Should the listing contain images, exclude them; give the rest again exactly.

- **Source data**
◆ ◆ ◆

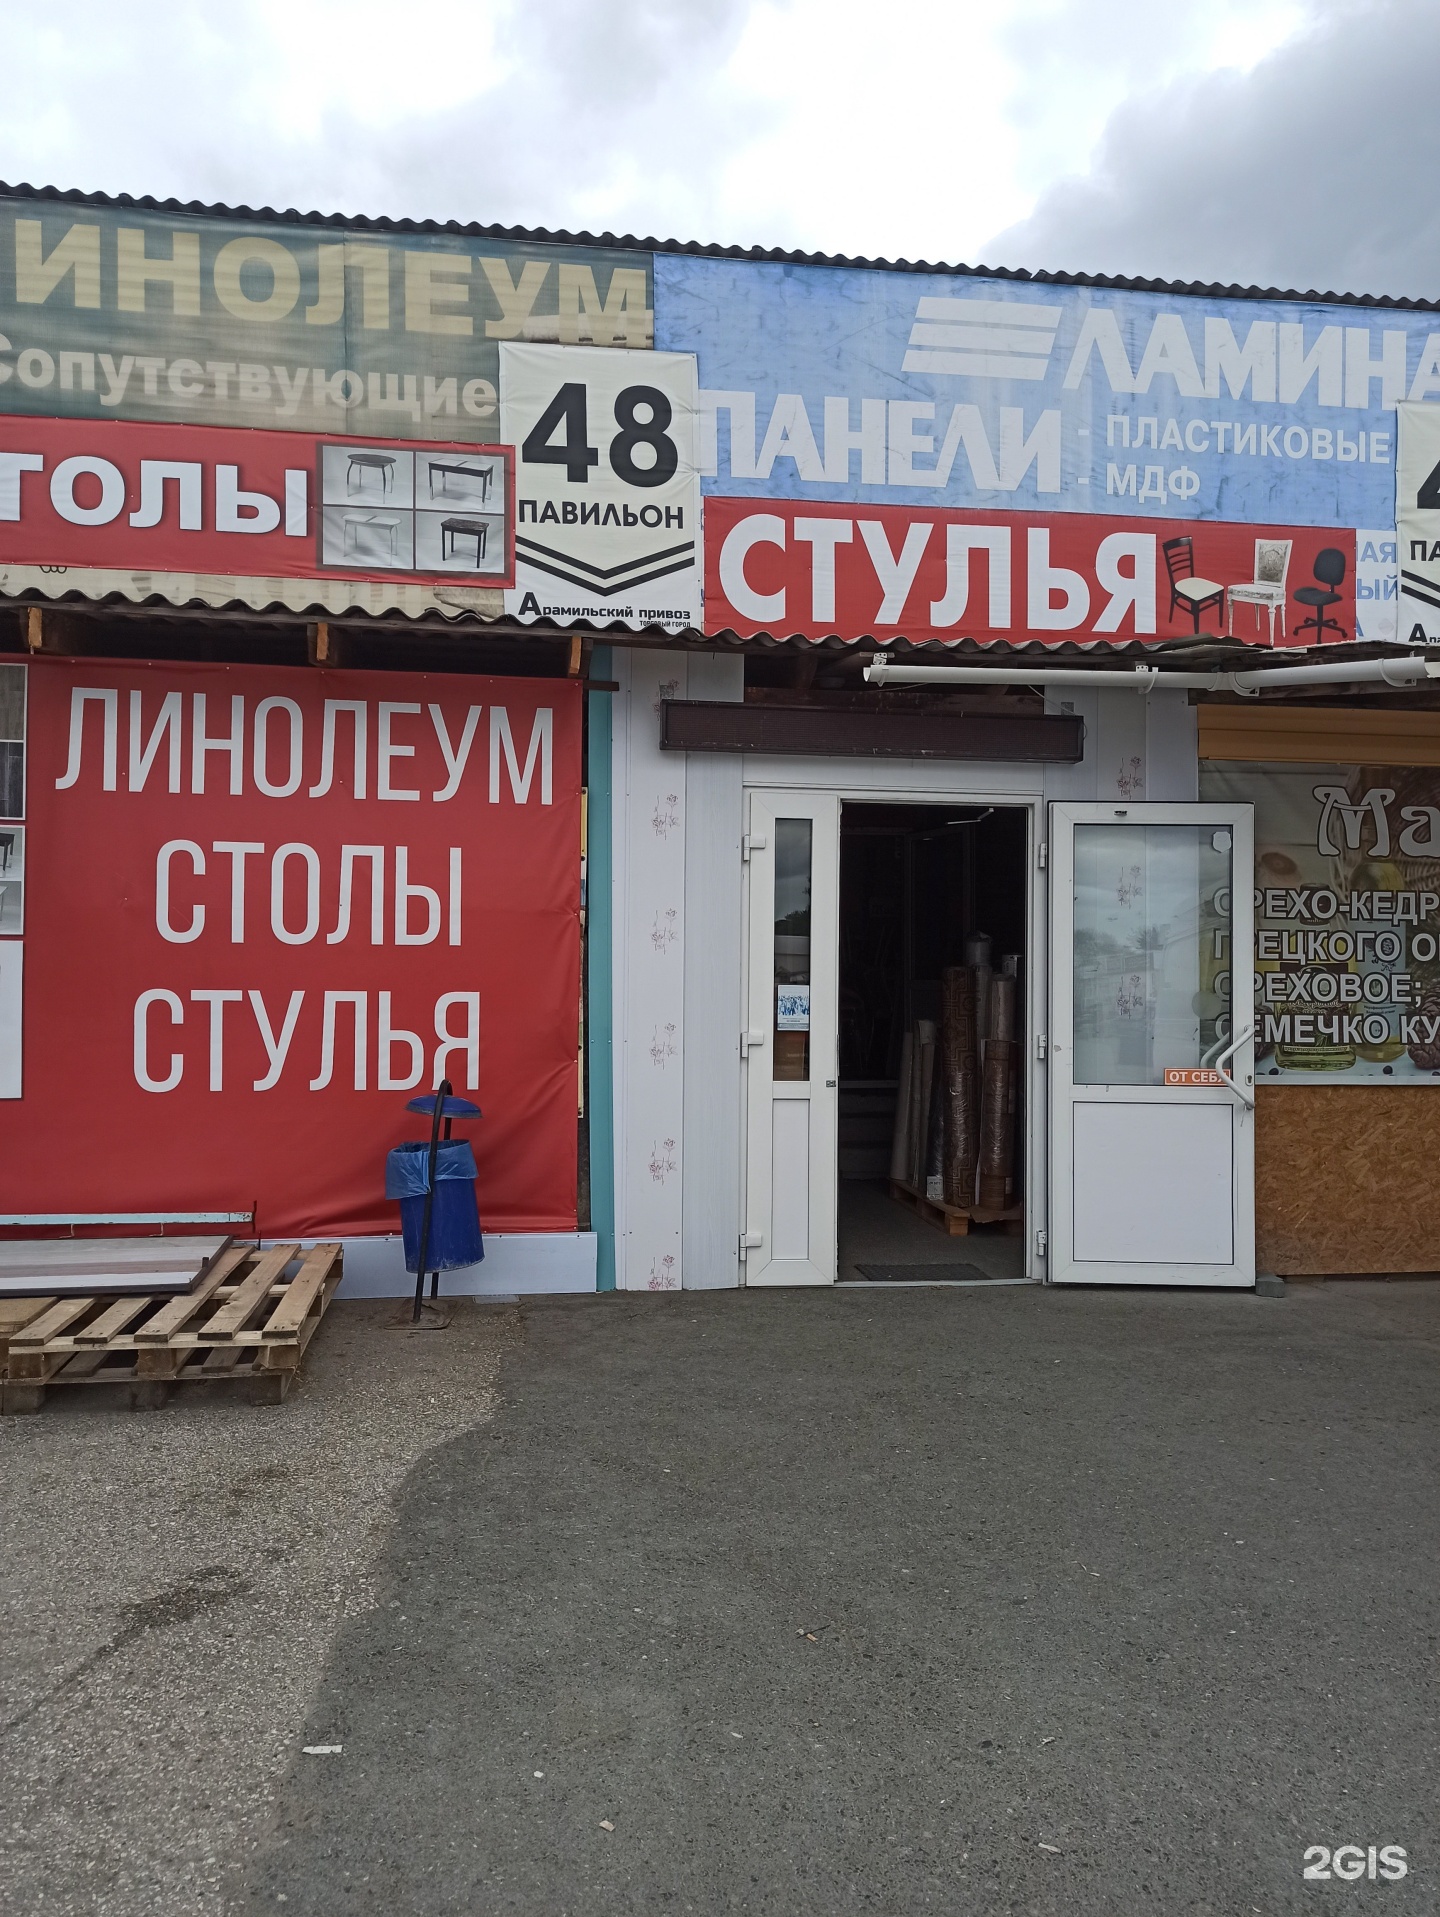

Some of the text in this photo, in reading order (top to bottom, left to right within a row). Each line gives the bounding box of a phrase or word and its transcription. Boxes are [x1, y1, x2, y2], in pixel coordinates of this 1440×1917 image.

[15, 219, 652, 348] ИНОЛЕУМ
[522, 382, 679, 488] 48
[699, 389, 1062, 494] ПАНЕЛИ
[1106, 413, 1390, 464] ПЛАСТИКОВЫЕ
[518, 499, 684, 530] ПАВИЛЬОН
[1106, 464, 1201, 503] МДФ
[719, 514, 1157, 635] СТУЛЬЯ
[1356, 541, 1397, 563] АЯ
[518, 592, 690, 620] Арамильский привоз
[55, 686, 554, 805] ЛИНОЛЕУМ
[1312, 785, 1440, 858] Ма
[155, 839, 462, 946] СТОЛЫ
[1213, 928, 1440, 966] ГЕЦКОГО О
[132, 988, 481, 1093] СТУЛЬЯ
[1169, 1071, 1188, 1083] ОТ

◆ ◆ ◆

- **Answer to this problem**
Some of the text in this photo, in reading order (top to bottom, left to right within a row). Each line gives the bounding box of a phrase or word and its transcription. Boxes are [x1, y1, x2, y2], in pixel coordinates of this 1440×1917 image.

[15, 219, 652, 348] ИНОЛЕУМ
[522, 382, 679, 488] 48
[699, 389, 1062, 494] ПАНЕЛИ
[1106, 413, 1390, 464] ПЛАСТИКОВЫЕ
[518, 499, 684, 530] ПАВИЛЬОН
[1106, 464, 1201, 503] МДФ
[719, 514, 1157, 635] СТУЛЬЯ
[1356, 541, 1397, 563] АЯ
[518, 592, 690, 620] Арамильский привоз
[55, 686, 554, 805] ЛИНОЛЕУМ
[1312, 785, 1440, 858] Ма
[155, 839, 462, 946] СТОЛЫ
[1213, 928, 1440, 966] ГЕЦКОГО О
[132, 988, 481, 1093] СТУЛЬЯ
[1169, 1071, 1188, 1083] ОТ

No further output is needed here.